Reading RSS on your desktop – free and easy
I made a brief mention about the feed-reader I’ve settled on in my earlier blog post, but decided to spend a little more time fleshing out my impressions of GreatNews.
By default, GreatNews starts up with a two-pane interface
Each of the folders is called a “Channel” and provides a quick way to see all the articles under that particular Channel:
As you can see, I have 3 feeds in that particular category (from the ever awesome Metafilter). By selecting the category, I can see all the unread items at one go. This is similar to what Google Reader offers today. One small quibble I have right now with this is that when you move away from a category, the items aren’t marked as read. But if you were to move from one feed to another, GreatNews automatically marks that feed as read correctly.
GreatNews offers tabbed browsing, allowing you to quickly open multiple articles in the background while you keep reading. By default though, GreatNews uses the IE rendering engine :(. Firefox cannot be used without installing the Firefox ActiveX plugin (gah!), so I just have GreatNews setup to open all links in my default browser.
By default, GreatNews is configured to display all items in the RSS feed but that can be changed using the filtering options:
I was kinda hoping that Show All would be a toggle filter, i.e., you click Show All once to display read items and then click it once more to switch back to the “filtered” view. That doesn’t happen though (pity) so you have to select Unread from the dropdown once-more to go back.
Greatnews supports various “styles” for viewing news items – these are essentially CSS stylesheets and can be easily modified if you don’t like the default selections:
You can find user-created styles on the Greatnews forums, but frankly I found the “Simple” style to work best across all my feeds (YMMV obviously).
GreatNews offers the ability to “tag” various articles for further reading – it calls them labels. One thing to note is that right now, choosing to mark all feeds as read will reset your labels as well – obviously if you have were planning to read some long posts at a later date this can be a problem. When I raised this issue on the forums, the author told me a new type of label was being developed that lets you “archive” posts and will not be affected by the “mark all as read” option.
Where GreatNews really shines in comparision to online Feed Readers is tight integration with various online and offline tools:
For example, I have configured GreatNews to work with Windows Live Writer (which I what I am using to write this blog post), which means I get to use all the features of a rich blog editor without having to actually leave my RSS reader – neat!
The Tools screenshot above lists another feature of GreatNews – which is NewsWatches.
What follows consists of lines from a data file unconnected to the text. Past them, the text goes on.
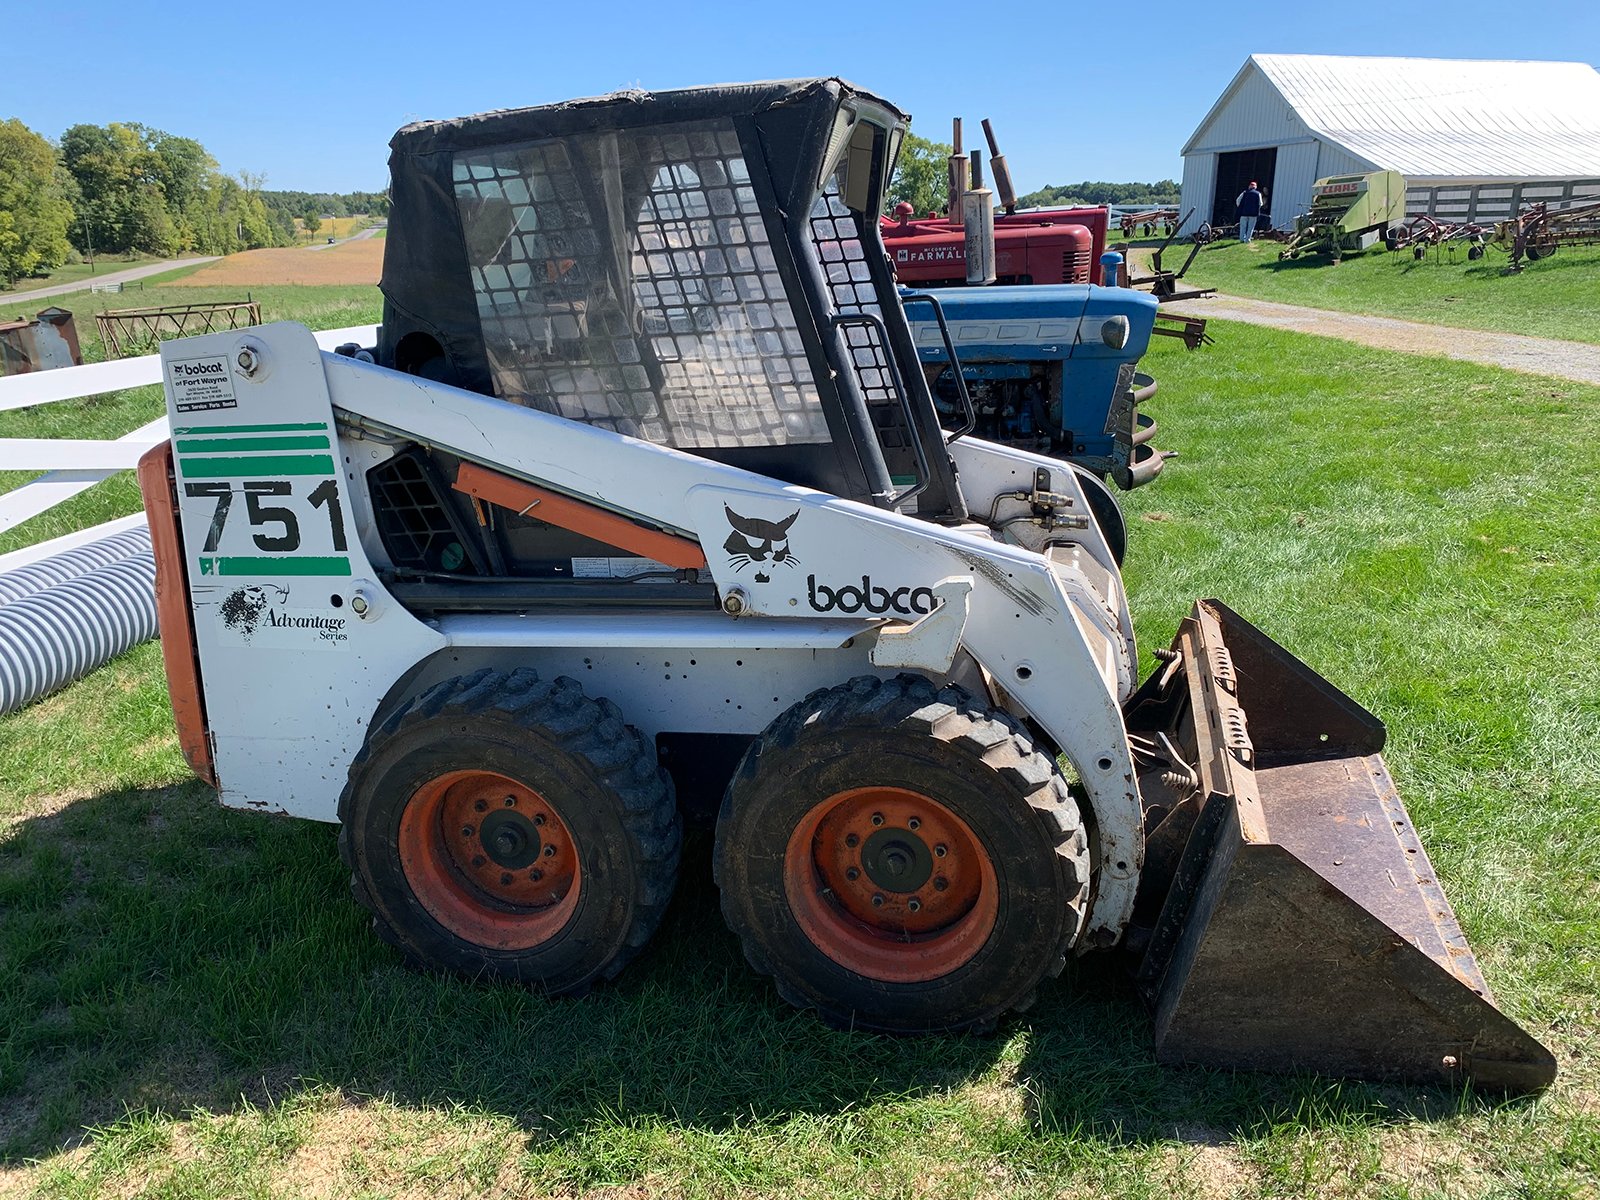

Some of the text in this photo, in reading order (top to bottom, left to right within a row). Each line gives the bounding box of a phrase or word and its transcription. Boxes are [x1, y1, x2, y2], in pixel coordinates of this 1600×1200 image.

[1322, 183, 1357, 193] CLAAS
[184, 362, 223, 375] bobcat
[184, 480, 348, 553] 751
[807, 574, 938, 614] bobca
[263, 608, 346, 632] Advantage
[319, 631, 348, 641] Series
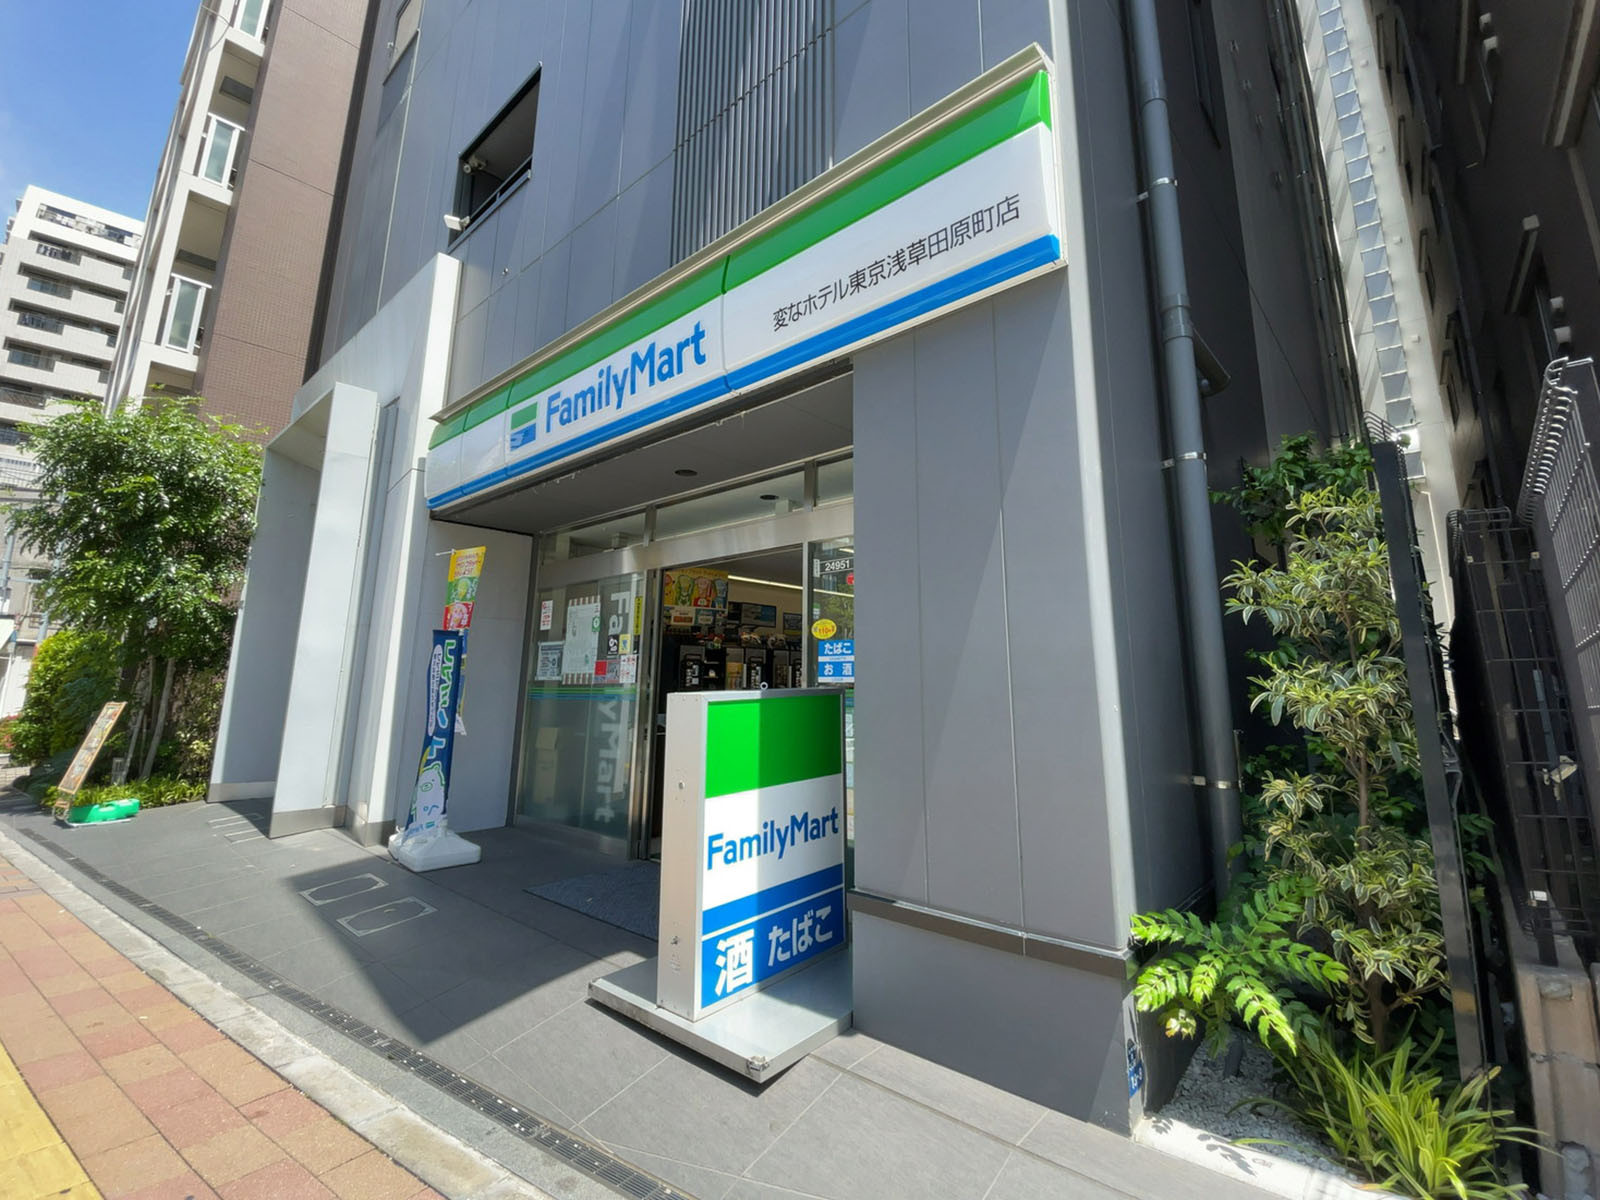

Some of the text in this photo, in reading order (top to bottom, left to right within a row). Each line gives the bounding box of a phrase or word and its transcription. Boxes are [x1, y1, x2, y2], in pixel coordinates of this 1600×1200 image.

[772, 193, 1020, 332] 変なホテル東京浅草田原町店
[546, 320, 706, 433] FamilyMart
[824, 560, 850, 571] 24951
[824, 642, 852, 655] たばこ
[706, 807, 839, 871] FamilyMart
[714, 905, 833, 997] 酒 たばこ
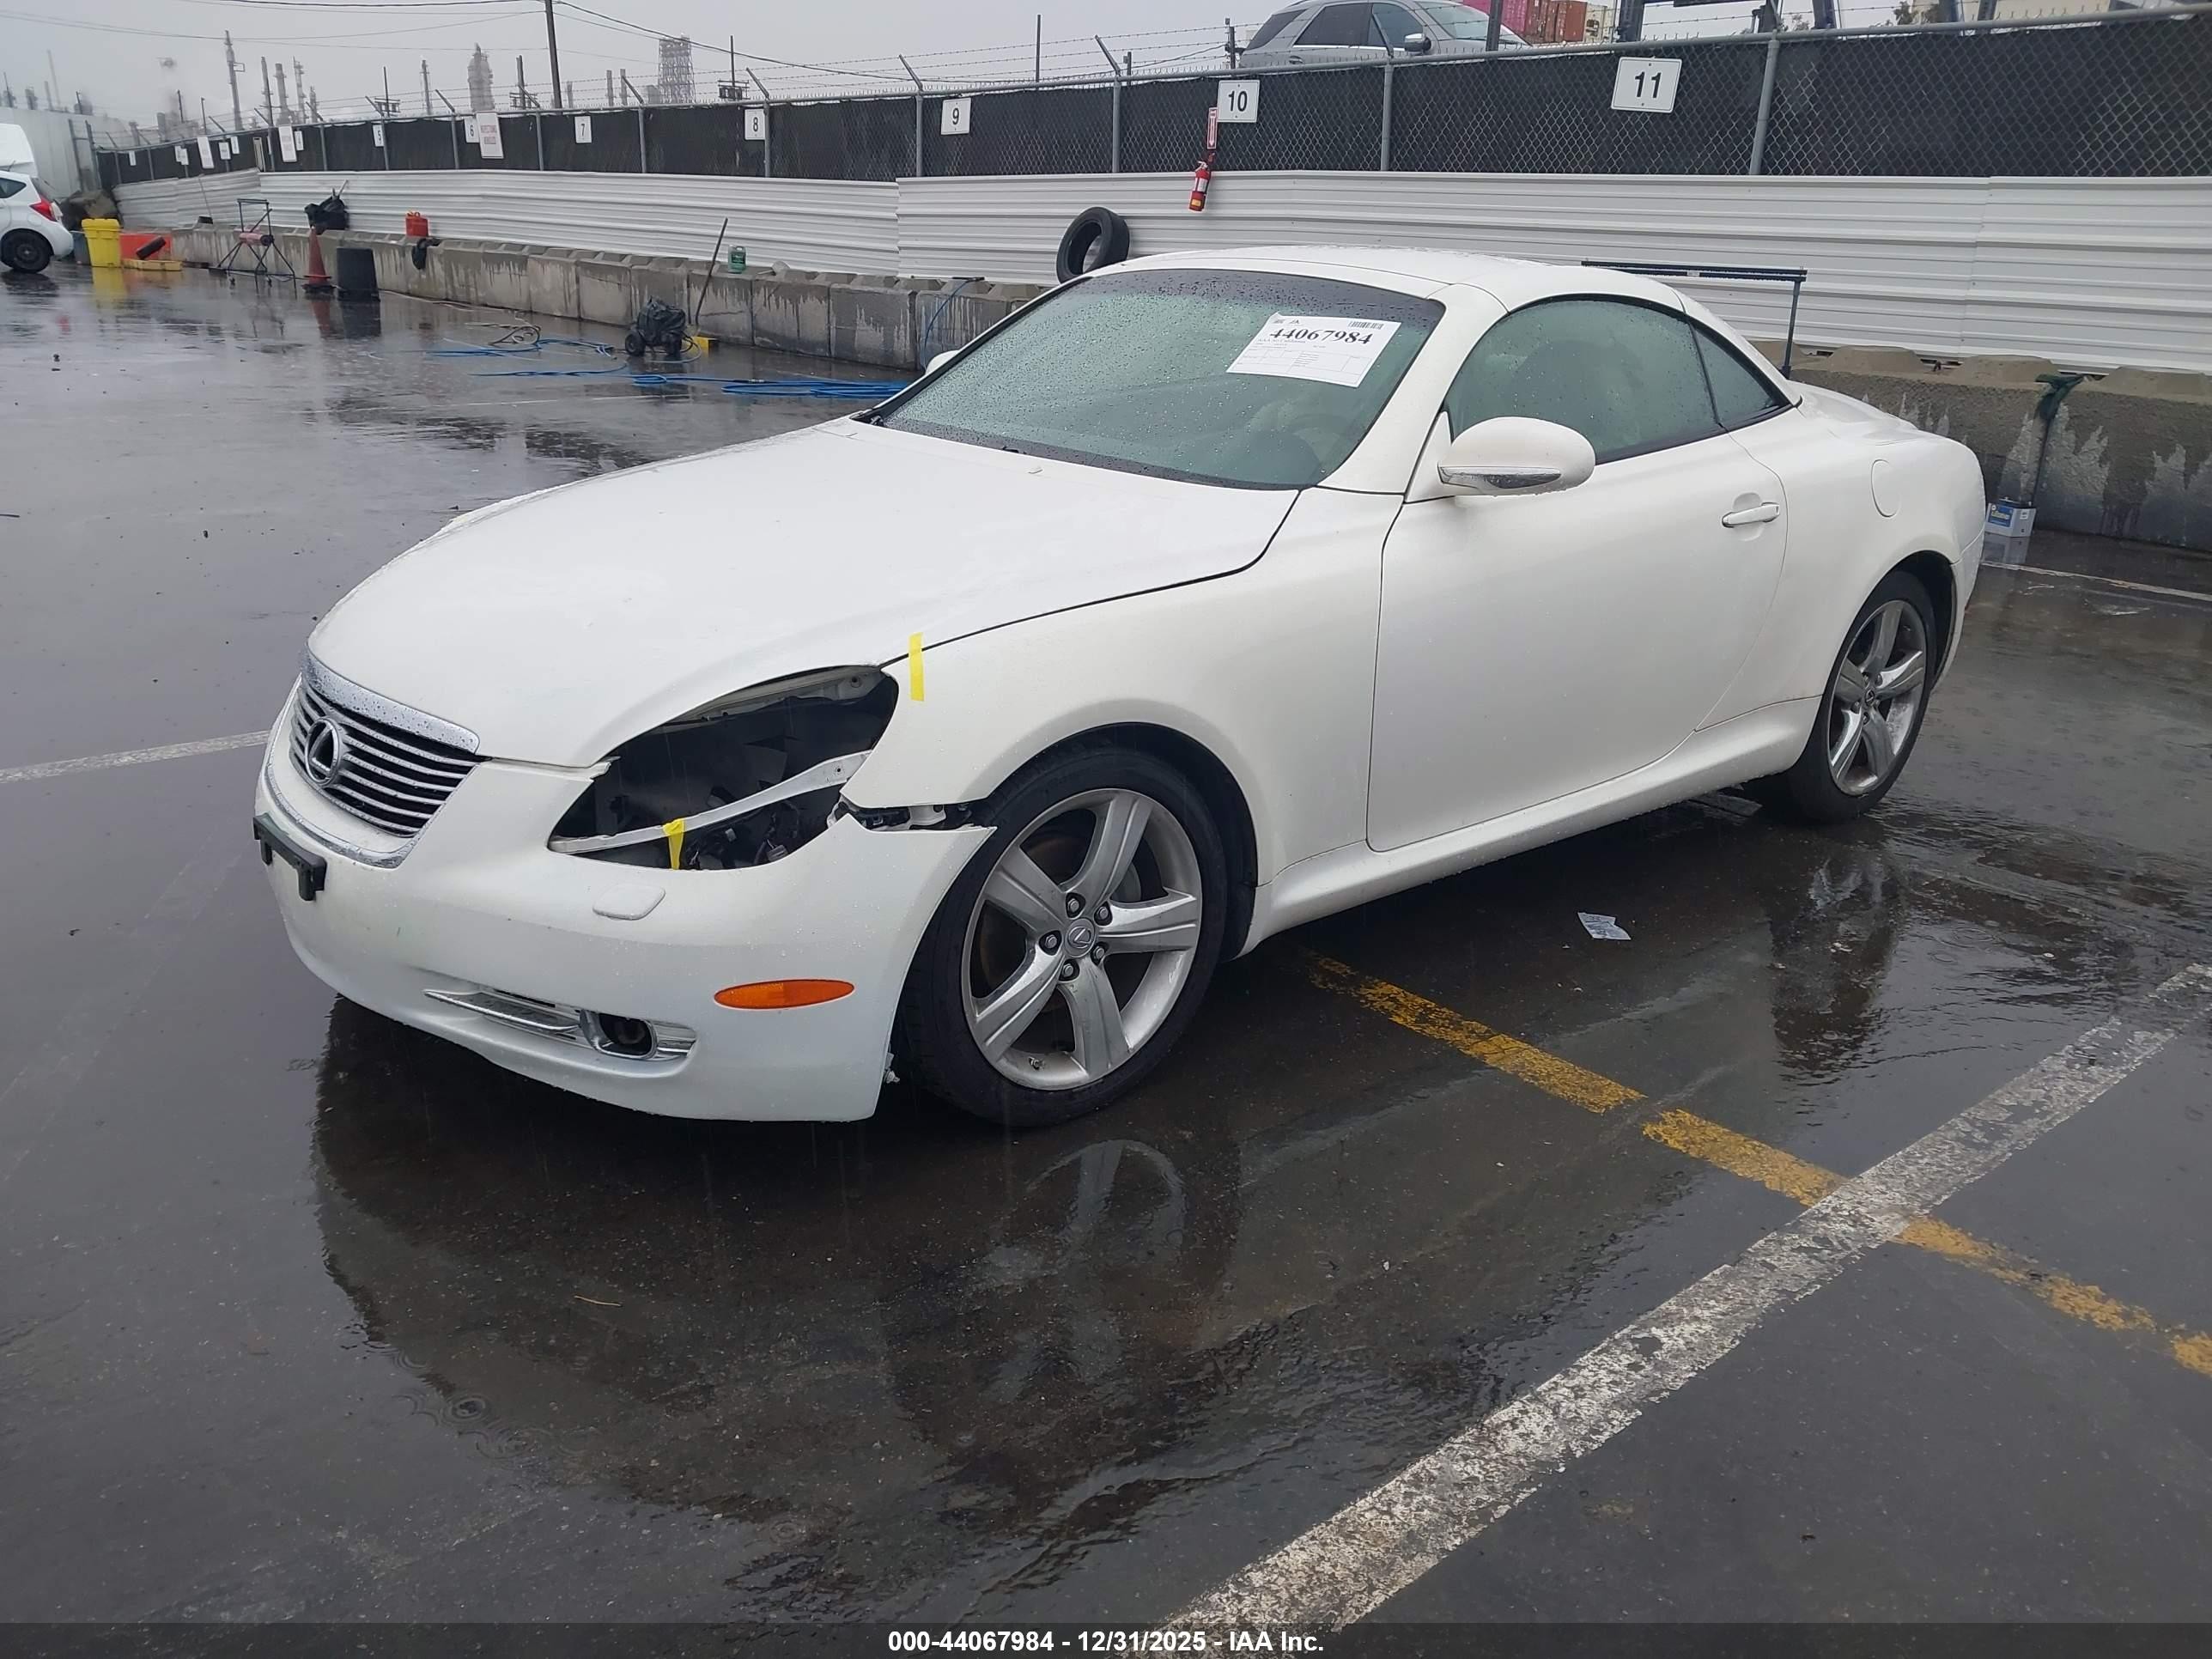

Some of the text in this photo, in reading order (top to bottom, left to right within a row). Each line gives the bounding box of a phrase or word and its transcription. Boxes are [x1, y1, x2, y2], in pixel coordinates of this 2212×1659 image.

I haven’t used this at all so far, but essentially it allows you to setup a search for certain key words in your subscriptions. It will pull together articles from different feeds based on your keywords and display it one place after each update.
GreatNews is portable, so if you want to you can install it on a thumbdrive and take your feeds with you that way (( till the promised Google Reader integration arrives that is )). The application is fairly light as well (right now, it’s using about 18MB of RAM on my system).
Other Features:
1. Since this is an offline feed-reader, you can choose to read your feeds offline (duh) – Google Reader is now offering this thanks to Google Gears.
2. Your feeds database can be cleaned up whenever you think it has bloated to keep the disk usage down. However, infrequently updated feeds or feeds with bad time-stamps can be entirely purged by this cleanup, resulting in spurious unread counts. You can avoid this by manually excluding those feeds from the cleanup process.
3. GreatNews will identify feeds that haven’t been updated in 60 days (by default, you can change that if you want to) and let you delete those feeds if you choose to do so.
4. You can get a Feed Activity report if you are a statistics-geek (and which self-respecting geek isn’t? 🙂 )
5. Feed Subscriptions can be imported / exported via OPML files. Always needed if you are planning to switch from one reader to another.
6. GreatNews doesn’t have an API, but all data is stored in an SQLite database, so there are ways to extract data from your feeds for mashups.
So there you have it – GreatNews offers almost all the functionality that a typical online feed reader would give you but with intergration to offline tools as well. The author of the software is open to suggestions and is pretty quick about pushing out updates.
If you are looking for an offline news reader that does the job for free, GreatNews should definitely at the top of your list.